Нам осталось идти километра четыре. Времени у нас в запасе больше часа. Если это расстояние пройдем за час, останется минут двадцать – достаточно, чтобы сделать себе окопчик для наблюдения. Исаев, сказав об этом, как бы предоставил нам право выбора: или прибавить шагу и выиграть время, или меньше оставить времени для рытья окопа и отдыха. Мы прибавили шагу.
Вскоре мы услышали гудение машины, ровное, протяжное, –как звон басовитой струны, далеко слышное в утренней тишине.
У нас словно прибавилось сил.
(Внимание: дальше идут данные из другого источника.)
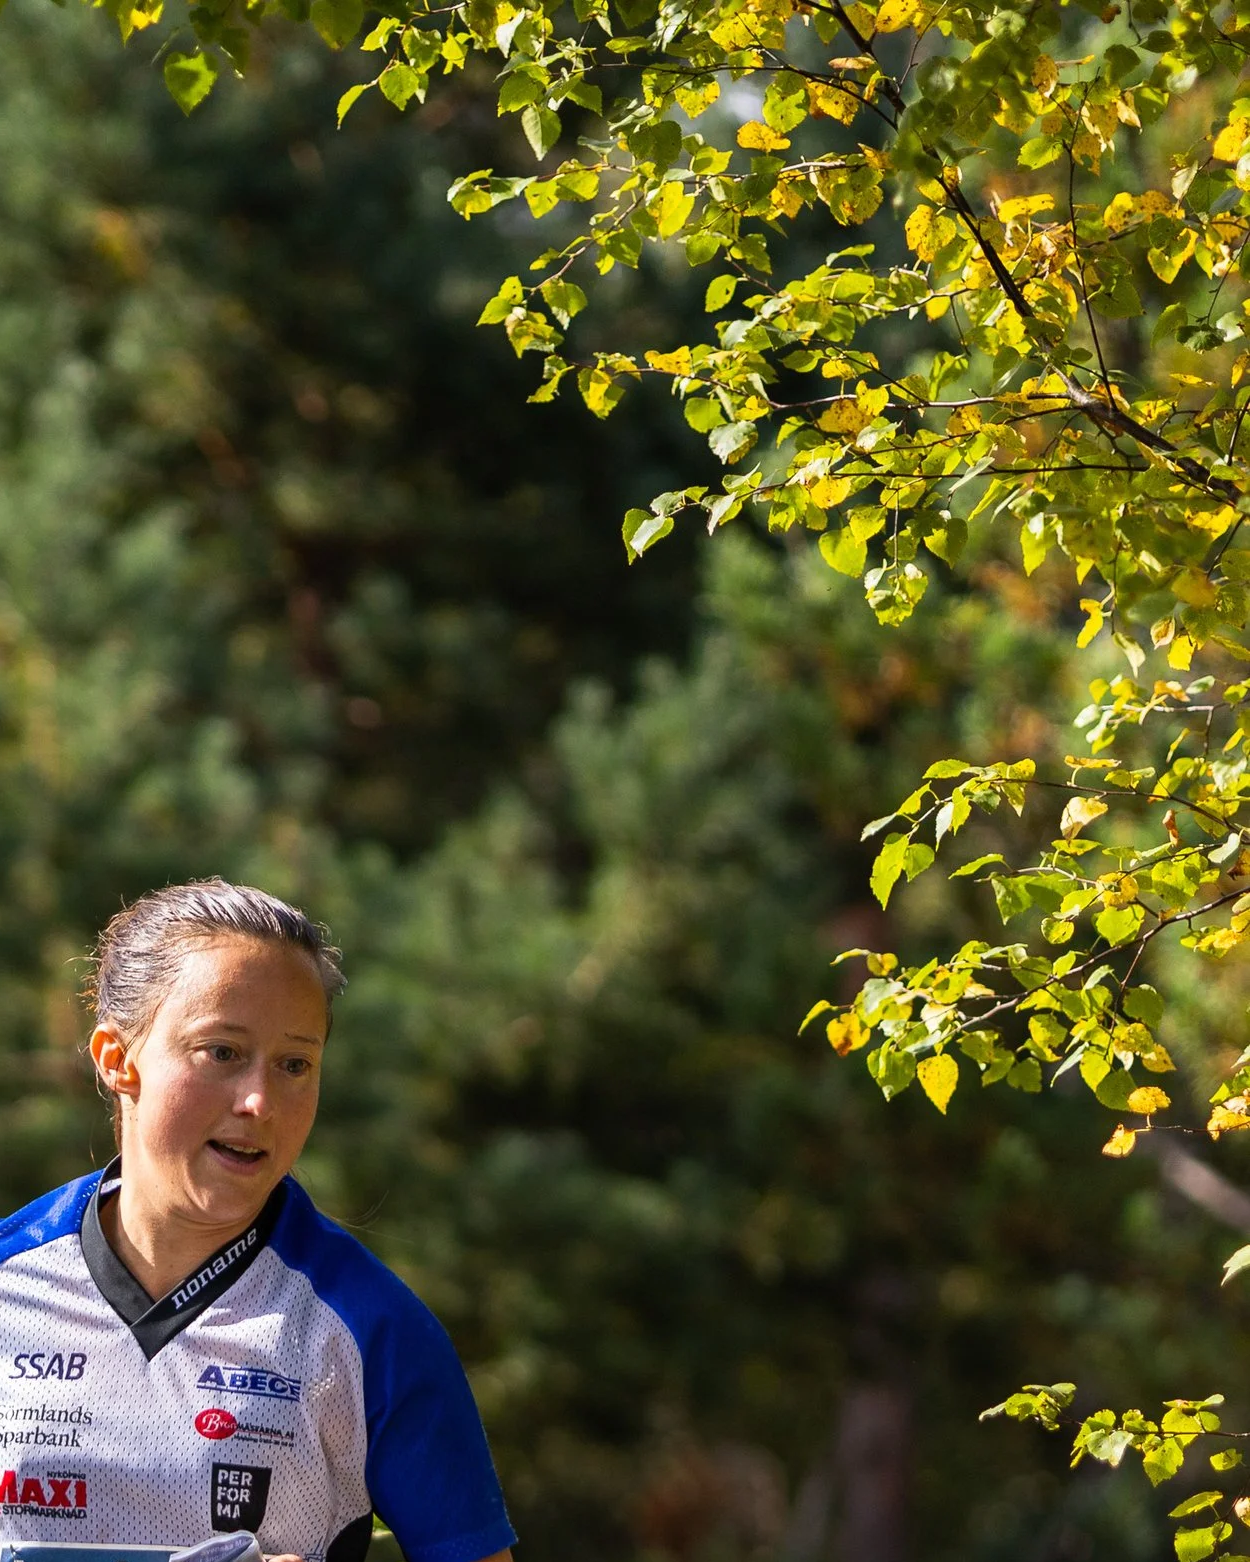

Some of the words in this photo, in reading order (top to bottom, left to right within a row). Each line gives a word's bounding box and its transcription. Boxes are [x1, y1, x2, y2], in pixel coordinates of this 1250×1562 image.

[171, 1228, 257, 1310] noname
[8, 1352, 88, 1381] SSAB
[217, 1469, 253, 1487] PER
[216, 1486, 251, 1503] FOR
[2, 1504, 88, 1519] STORMARKNAD
[216, 1502, 241, 1519] MA
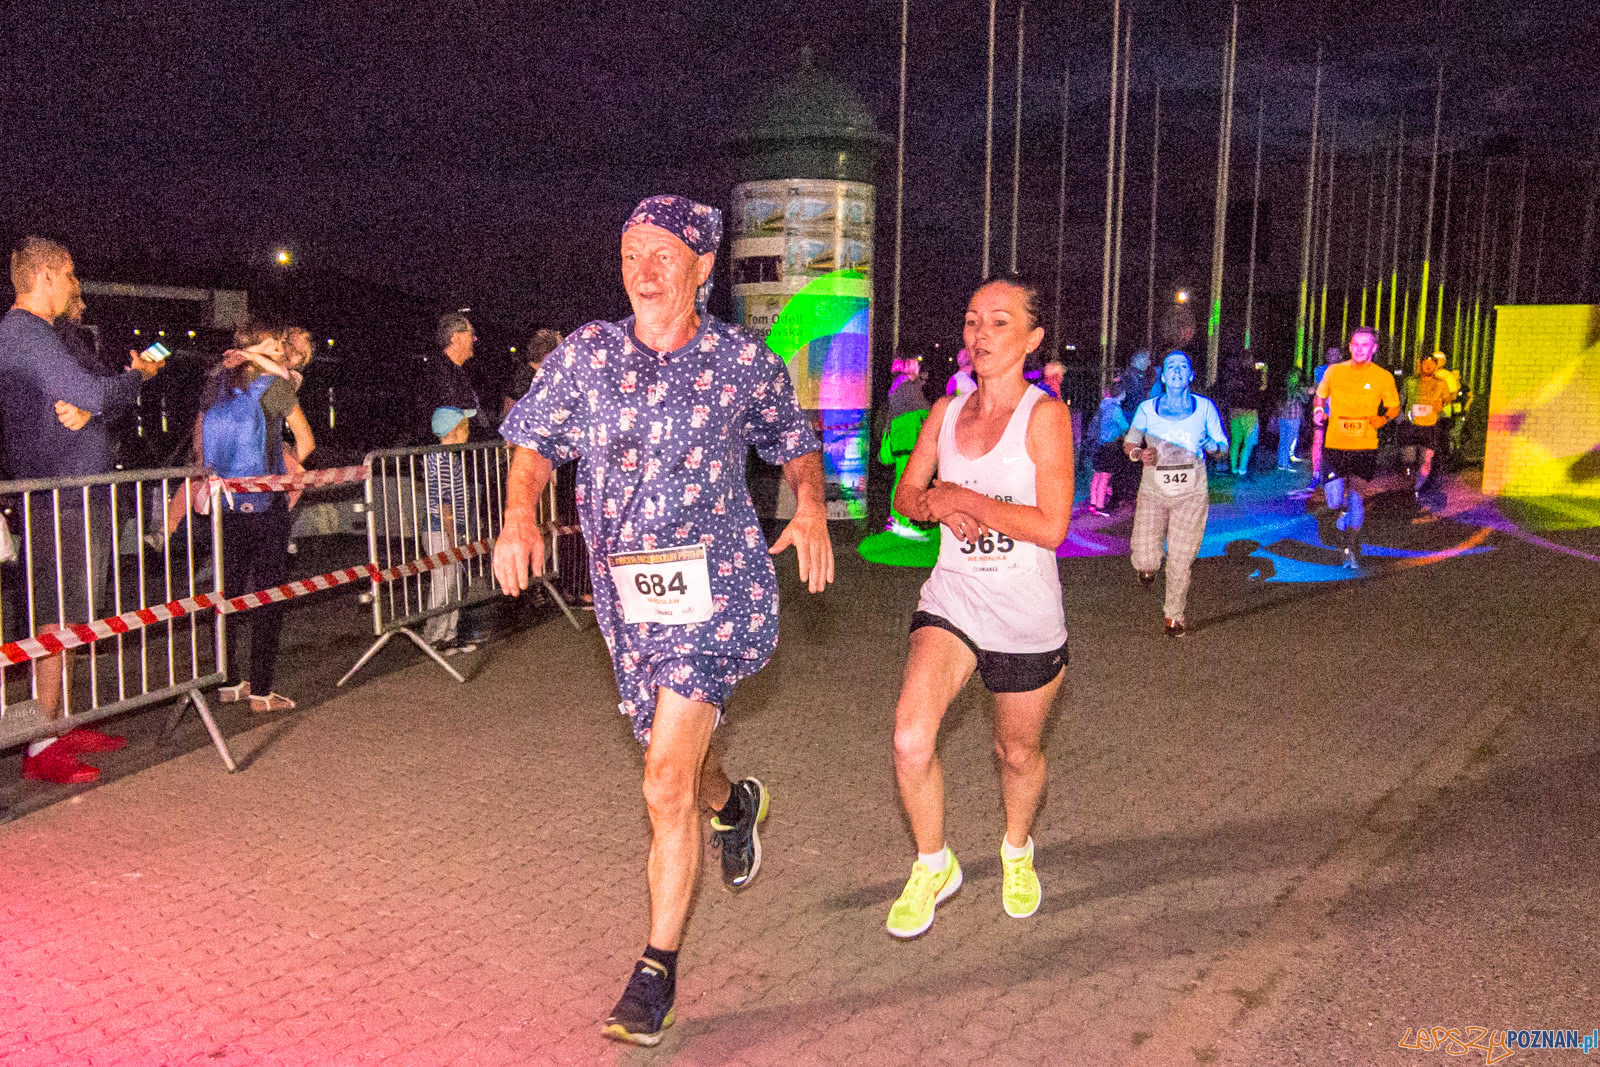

Солдаты называют это вторым дыханием. Теперь мы почти бежали сквозь малинник, щитовник и какой-то низкий, с хрупкими стеблями кустарник, торопились, как торопится иео всех сил стайер, увидя близкий конец трудного пути. Тяжело дыша, ловили открытыми ртами воздух, в груди и горле стояла комом удушливая горечь. Мы сняли пилотки, по нашим лицам стекал пот. Я приотстал, потому что больше остальных выбился из сил. Исаев и Чеботару пошли со мной рядом, поддерживая: один – мой вещевой мешок, второй – меня самого под руку.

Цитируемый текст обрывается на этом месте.